::: EXTRACTED ENTRIES
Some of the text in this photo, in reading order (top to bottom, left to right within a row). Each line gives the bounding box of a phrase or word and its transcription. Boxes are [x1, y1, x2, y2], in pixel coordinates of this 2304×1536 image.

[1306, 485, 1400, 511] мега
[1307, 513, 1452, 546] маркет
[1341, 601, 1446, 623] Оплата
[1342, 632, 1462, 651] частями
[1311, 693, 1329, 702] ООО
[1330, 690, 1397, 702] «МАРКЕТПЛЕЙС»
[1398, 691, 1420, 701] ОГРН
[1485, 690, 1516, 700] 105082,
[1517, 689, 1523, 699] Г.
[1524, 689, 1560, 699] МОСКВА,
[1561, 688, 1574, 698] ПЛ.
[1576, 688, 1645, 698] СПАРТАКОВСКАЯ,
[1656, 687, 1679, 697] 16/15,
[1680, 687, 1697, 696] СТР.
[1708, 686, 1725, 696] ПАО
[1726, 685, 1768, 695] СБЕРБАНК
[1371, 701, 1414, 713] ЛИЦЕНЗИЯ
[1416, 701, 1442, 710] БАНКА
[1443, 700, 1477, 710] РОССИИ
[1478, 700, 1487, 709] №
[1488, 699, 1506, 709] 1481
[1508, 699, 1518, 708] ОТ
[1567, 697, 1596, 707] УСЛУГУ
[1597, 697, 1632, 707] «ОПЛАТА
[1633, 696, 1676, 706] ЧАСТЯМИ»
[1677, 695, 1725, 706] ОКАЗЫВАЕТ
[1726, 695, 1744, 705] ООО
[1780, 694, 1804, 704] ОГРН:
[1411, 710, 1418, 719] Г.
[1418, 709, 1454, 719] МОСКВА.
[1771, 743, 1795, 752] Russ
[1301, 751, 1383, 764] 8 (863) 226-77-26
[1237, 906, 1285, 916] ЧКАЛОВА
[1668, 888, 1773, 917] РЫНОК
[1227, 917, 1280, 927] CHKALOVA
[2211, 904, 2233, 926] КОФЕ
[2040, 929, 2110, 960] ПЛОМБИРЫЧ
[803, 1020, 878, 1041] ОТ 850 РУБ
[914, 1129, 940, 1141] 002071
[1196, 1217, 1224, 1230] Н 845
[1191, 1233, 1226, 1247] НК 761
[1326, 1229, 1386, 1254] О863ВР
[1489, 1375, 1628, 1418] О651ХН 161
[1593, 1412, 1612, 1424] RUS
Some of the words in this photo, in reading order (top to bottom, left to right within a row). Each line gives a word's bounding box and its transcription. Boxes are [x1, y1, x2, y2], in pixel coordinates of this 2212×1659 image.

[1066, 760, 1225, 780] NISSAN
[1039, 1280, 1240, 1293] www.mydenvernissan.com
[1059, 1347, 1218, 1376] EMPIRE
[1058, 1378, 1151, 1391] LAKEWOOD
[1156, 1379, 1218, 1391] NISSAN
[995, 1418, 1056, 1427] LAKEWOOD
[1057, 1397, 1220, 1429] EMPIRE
::::::
[TASK PROMPT]
Exact copy required. Repeat the material above in full.

[WRITTEN ANSWER]
Some of the text in this photo, in reading order (top to bottom, left to right within a row). Each line gives the bounding box of a phrase or word and its transcription. Boxes are [x1, y1, x2, y2], in pixel coordinates of this 2304×1536 image.

[1306, 485, 1400, 511] мега
[1307, 513, 1452, 546] маркет
[1341, 601, 1446, 623] Оплата
[1342, 632, 1462, 651] частями
[1311, 693, 1329, 702] ООО
[1330, 690, 1397, 702] «МАРКЕТПЛЕЙС»
[1398, 691, 1420, 701] ОГРН
[1485, 690, 1516, 700] 105082,
[1517, 689, 1523, 699] Г.
[1524, 689, 1560, 699] МОСКВА,
[1561, 688, 1574, 698] ПЛ.
[1576, 688, 1645, 698] СПАРТАКОВСКАЯ,
[1656, 687, 1679, 697] 16/15,
[1680, 687, 1697, 696] СТР.
[1708, 686, 1725, 696] ПАО
[1726, 685, 1768, 695] СБЕРБАНК
[1371, 701, 1414, 713] ЛИЦЕНЗИЯ
[1416, 701, 1442, 710] БАНКА
[1443, 700, 1477, 710] РОССИИ
[1478, 700, 1487, 709] №
[1488, 699, 1506, 709] 1481
[1508, 699, 1518, 708] ОТ
[1567, 697, 1596, 707] УСЛУГУ
[1597, 697, 1632, 707] «ОПЛАТА
[1633, 696, 1676, 706] ЧАСТЯМИ»
[1677, 695, 1725, 706] ОКАЗЫВАЕТ
[1726, 695, 1744, 705] ООО
[1780, 694, 1804, 704] ОГРН:
[1411, 710, 1418, 719] Г.
[1418, 709, 1454, 719] МОСКВА.
[1771, 743, 1795, 752] Russ
[1301, 751, 1383, 764] 8 (863) 226-77-26
[1237, 906, 1285, 916] ЧКАЛОВА
[1668, 888, 1773, 917] РЫНОК
[1227, 917, 1280, 927] CHKALOVA
[2211, 904, 2233, 926] КОФЕ
[2040, 929, 2110, 960] ПЛОМБИРЫЧ
[803, 1020, 878, 1041] ОТ 850 РУБ
[914, 1129, 940, 1141] 002071
[1196, 1217, 1224, 1230] Н 845
[1191, 1233, 1226, 1247] НК 761
[1326, 1229, 1386, 1254] О863ВР
[1489, 1375, 1628, 1418] О651ХН 161
[1593, 1412, 1612, 1424] RUS
Some of the words in this photo, in reading order (top to bottom, left to right within a row). Each line gives a word's bounding box and its transcription. Boxes are [x1, y1, x2, y2], in pixel coordinates of this 2212×1659 image.

[1066, 760, 1225, 780] NISSAN
[1039, 1280, 1240, 1293] www.mydenvernissan.com
[1059, 1347, 1218, 1376] EMPIRE
[1058, 1378, 1151, 1391] LAKEWOOD
[1156, 1379, 1218, 1391] NISSAN
[995, 1418, 1056, 1427] LAKEWOOD
[1057, 1397, 1220, 1429] EMPIRE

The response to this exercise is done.